Indie folk lads turned arena rockers Bear’s Den balanced the intimacy of their early material with the seismic sounds of their later tunes at their most recent outing at Rock City.
Bear’s Den turned a pretty significant page with their last album, ‘Red Earth & Pouring Rain.’ Similarly to their close associates Mumford & Sons, no longer were they North London indie heroes quietly playing banjos and reminiscing old tales of love and sorrow; their music became powered by synths and layered guitars, only on occasion returning to the sound which brought them attention on the independent scene. The latest tracks off their upcoming third LP ‘So that you might hear me’ very much reflect the middle ground between those styles, and their Rock City show had a little bit of both.
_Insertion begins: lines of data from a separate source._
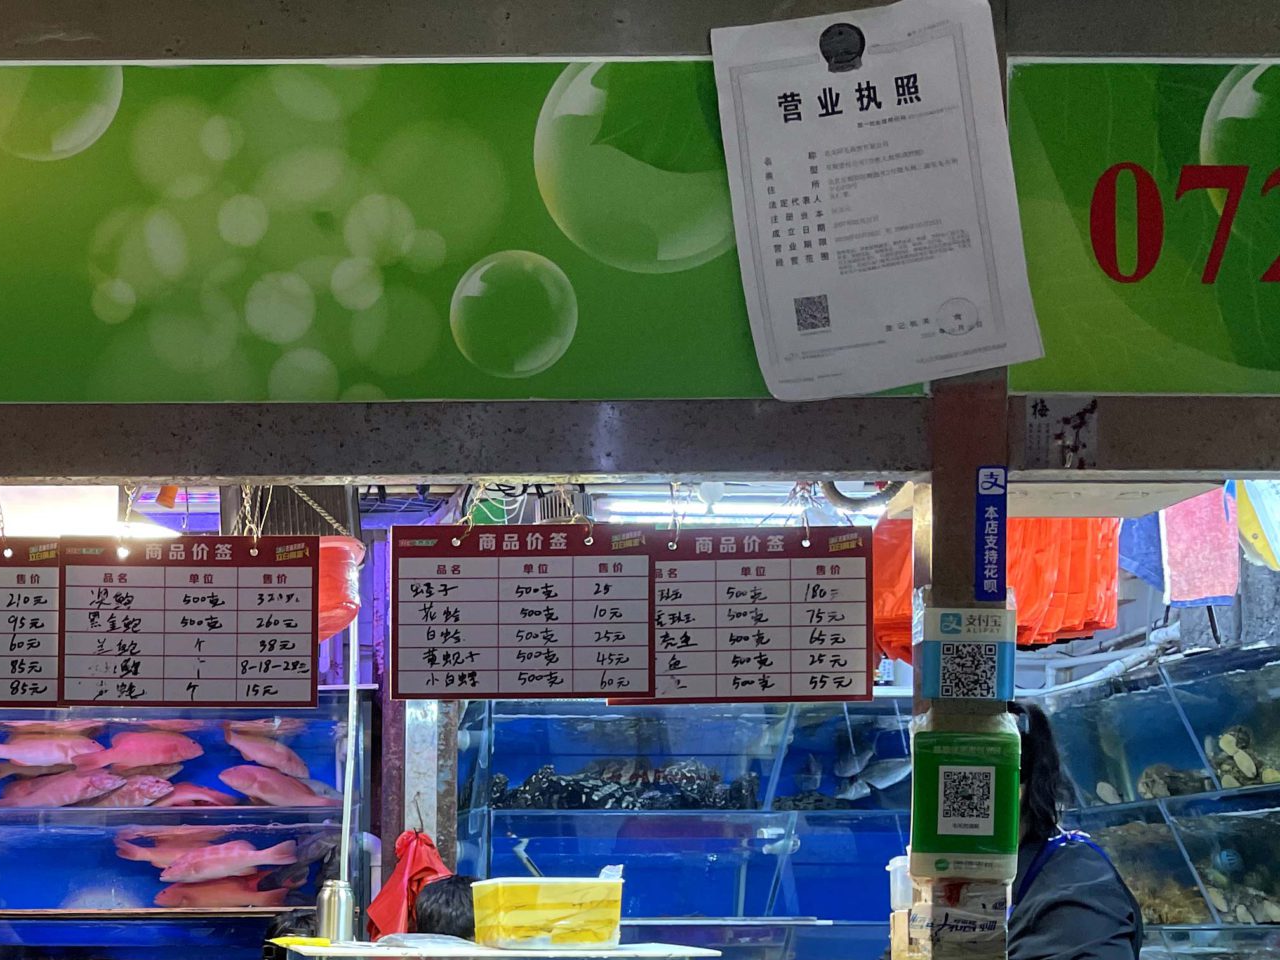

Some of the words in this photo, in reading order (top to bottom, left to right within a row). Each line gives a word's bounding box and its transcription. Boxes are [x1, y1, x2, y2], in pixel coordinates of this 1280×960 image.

[777, 73, 922, 124] 营业执照
[772, 223, 826, 239] 成立日期
[479, 532, 568, 551] 商品价签
[695, 534, 785, 554] 商品价签
[983, 505, 1000, 593] 本店支持花呗
[144, 542, 232, 561] 商品价签
[436, 564, 461, 575] 品名
[523, 562, 548, 574] 单位
[598, 562, 623, 574] 售价
[655, 567, 678, 579] 品名
[740, 565, 766, 577] 单位
[816, 564, 841, 576] 售价
[16, 573, 40, 585] 售价
[103, 572, 128, 583] 品名
[189, 572, 214, 584] 单位
[262, 572, 287, 585] 售价
[515, 583, 558, 599] 500克
[593, 583, 612, 596] 25
[726, 586, 767, 604] 500克
[6, 593, 47, 608] 210元
[183, 592, 225, 607] 500克
[519, 605, 559, 622] 500克
[593, 604, 623, 619] 10元
[727, 608, 769, 625] 500克
[806, 608, 845, 624] 75元
[8, 615, 44, 631] 95元
[180, 615, 223, 631] 500克
[256, 614, 297, 629] 260元
[965, 614, 1002, 627] 支付宝
[9, 634, 40, 651] 60元
[516, 627, 559, 645] 500克
[594, 631, 626, 644] 25元
[728, 630, 771, 647] 500克
[808, 627, 846, 645] 65元
[259, 638, 295, 653] 38元
[516, 649, 560, 666] 500克
[596, 652, 630, 666] 45元
[731, 651, 773, 668] 500克
[809, 653, 847, 668] 25元
[10, 658, 42, 674] 85元
[517, 671, 565, 688] 500克
[600, 669, 630, 689] 60元
[732, 674, 775, 691] 500克
[809, 673, 853, 689] 55元
[9, 679, 48, 696] 85元
[246, 683, 278, 698] 15元
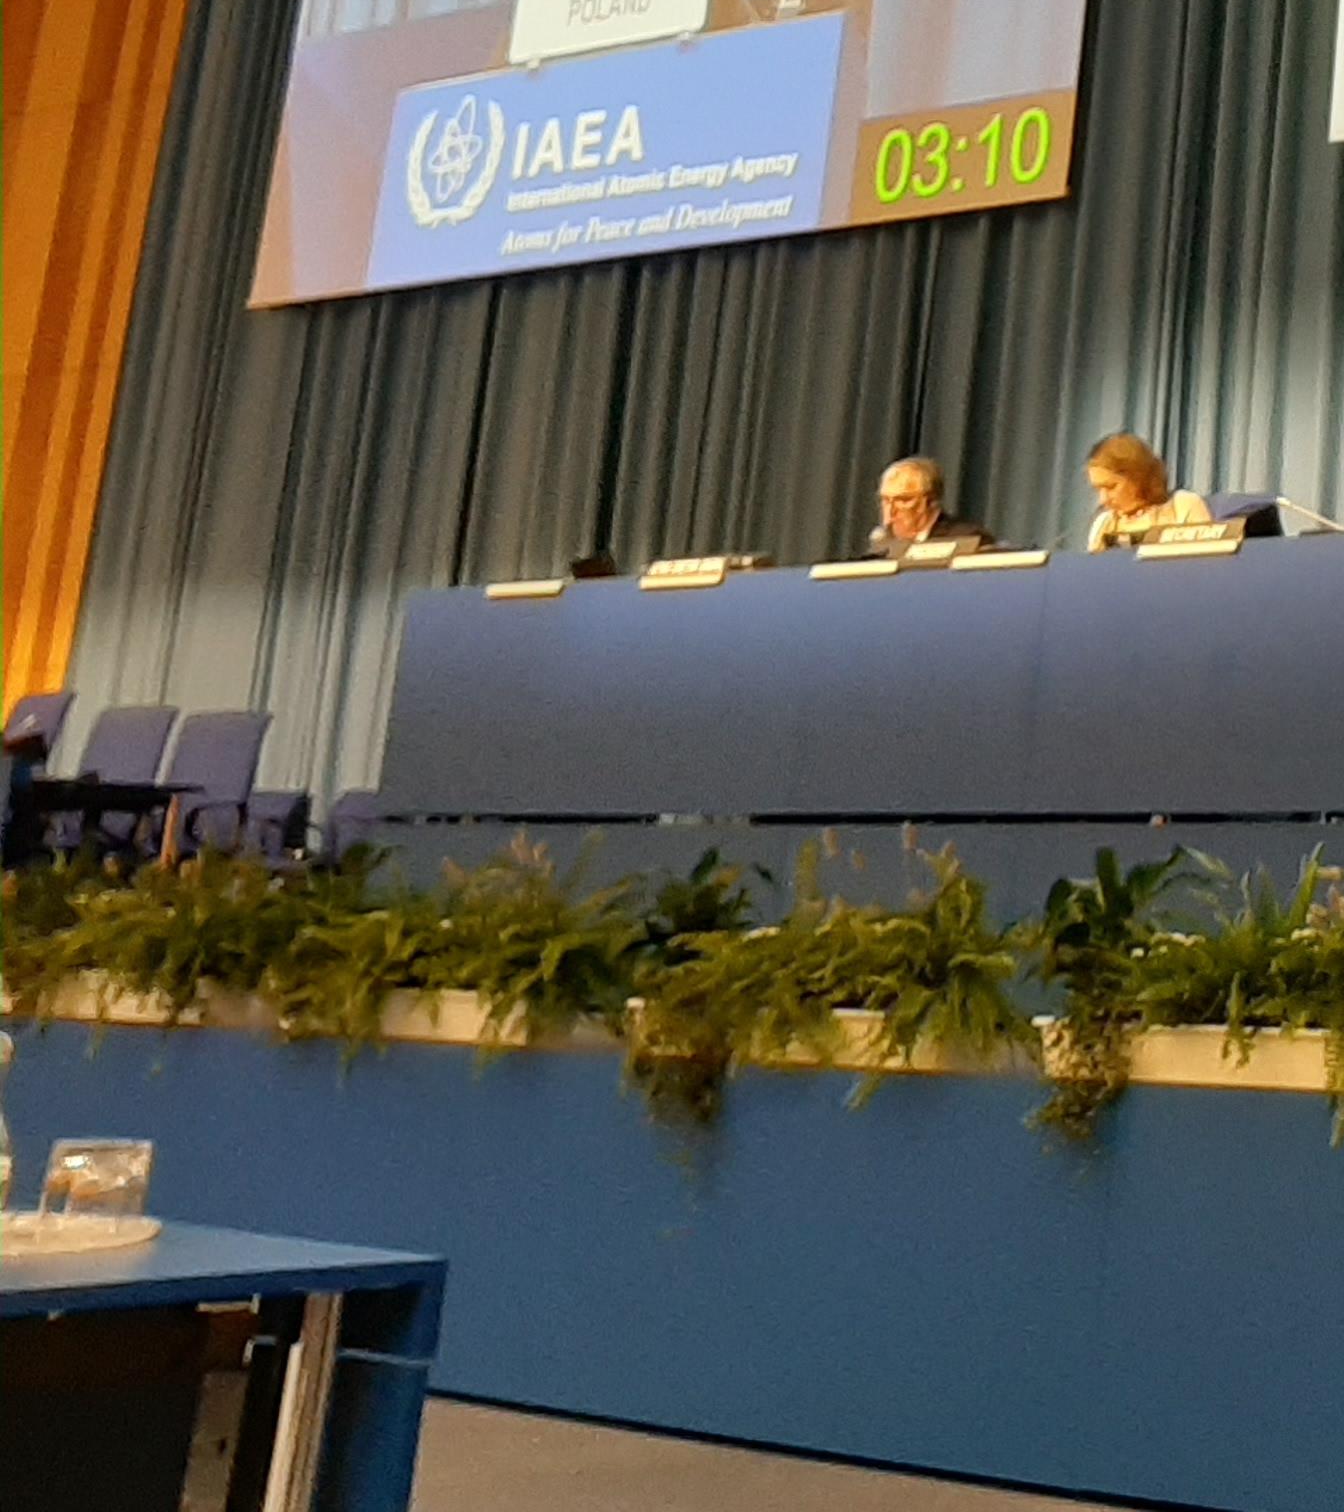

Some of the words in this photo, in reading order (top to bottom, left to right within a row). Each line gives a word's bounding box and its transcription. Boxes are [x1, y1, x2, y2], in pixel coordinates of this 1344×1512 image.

Boldly, the London duo, backed up by several musicians who were duly shouted out by lead singer Andrew Davie, opened with the first single from ‘So that you might hear me’ entitled ‘Fuel on the Fire.’ The mellow synths were backed out by staunch lighting and, though much of the audience didn’t seem too familiar with the lyrics, Bear’s Den clearly made a statement as to their confidence in the upcoming material.
The band took a few songs to really hit the room with a memorable cut from their discography, but when the opening acoustic guitar notes of ‘Berlin,’ a popular 2016 non-album track hit, the room seemed to shrink around Davie’s incredibly warm and personal vocals. “Berlin was all covered in snow/all I could offer was a hand to hold” was delivered with an emotional conviction that seemed to distance the frontman from the huge room of fans around him and, after the vaster cuts earlier in the set, ‘Berlin’ grounded the show with surety.
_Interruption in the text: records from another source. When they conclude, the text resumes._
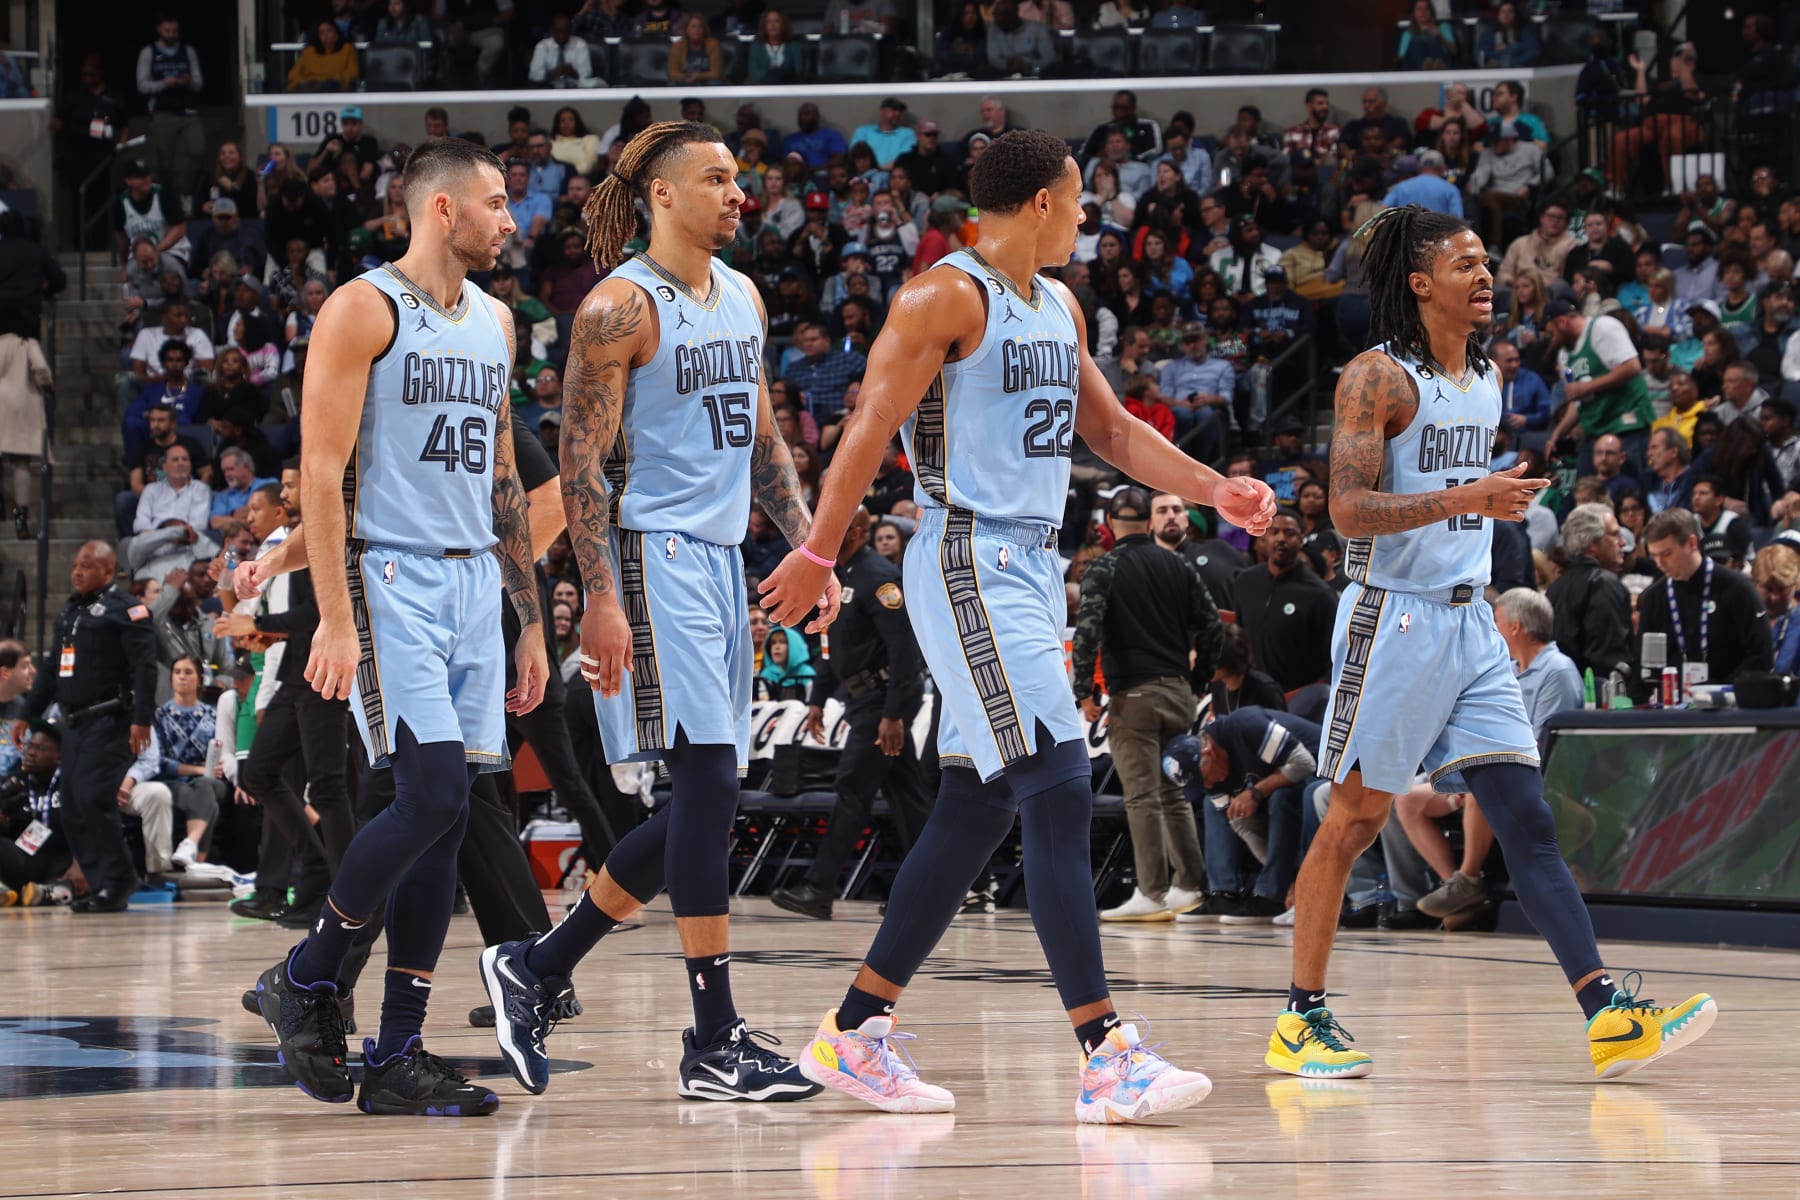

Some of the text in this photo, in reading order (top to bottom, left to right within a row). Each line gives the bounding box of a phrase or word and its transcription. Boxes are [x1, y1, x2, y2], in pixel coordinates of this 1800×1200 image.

[291, 111, 337, 137] 108
[402, 294, 417, 308] 6
[657, 287, 672, 300] 6
[402, 351, 505, 415] GRIZZLIES
[676, 335, 760, 395] GRIZZLIES
[418, 414, 487, 474] 46
[702, 392, 753, 450] 15
[1023, 398, 1073, 458] 22
Bear’s Den’s material is at its best when it is serious and sincere, but the moment the audience urged Davie into a cover of Nelly Furtado’s ‘I’m Like a Bird’ was a welcome break from the intensity of their folk-rock ballads. Declaring it their first UK show in ages, the lead singer seemed comfortable and at home at Rock City, and his chat between songs bridged the gap between his ethereal songwriting and the live performance. The show was lengthy, but certainly had its highlights.
With no microphone at all, the band performed one of their biggest songs, ‘Sophie’ in a huddle on the stage. Once again the room shrank around them and whilst it didn’t achieve the singalong effect it perhaps would have benefited from, it instead created the kind of intimate vibe you could only get at Nottingham’s smallest venues.
Biased as I may be to the band’s first album ‘Islands,’ the highlights of the set for me without a doubt came in the encore. It’s been over four years since I first heard ‘Above the Clouds of Pompeii’ and ‘Agape,’ and they’ve cured many lost evenings and heavy hangovers so hearing them live for the first time was sublime.
Cushioned between the two moody folk anthems was a performance of one of the new singles, ‘Blankets of Sorrow’ which saw the band venture into the middle of the crowd to reprise the total acoustic effect of the earlier performance of ‘Sophie.’ Hearing the natural tones of the banjo from just a few metres away felt special and brought an organic charm to the show.
Bear’s Den’s Rock City show, while lengthy, contained all the heartfelt moments you’d hope for from a big folk-rock gig. Somehow managing to bring Rock City to a sweet silence on the strum of a guitar, we wait to see if Bear’s Den will channel that intimacy into their next studio album.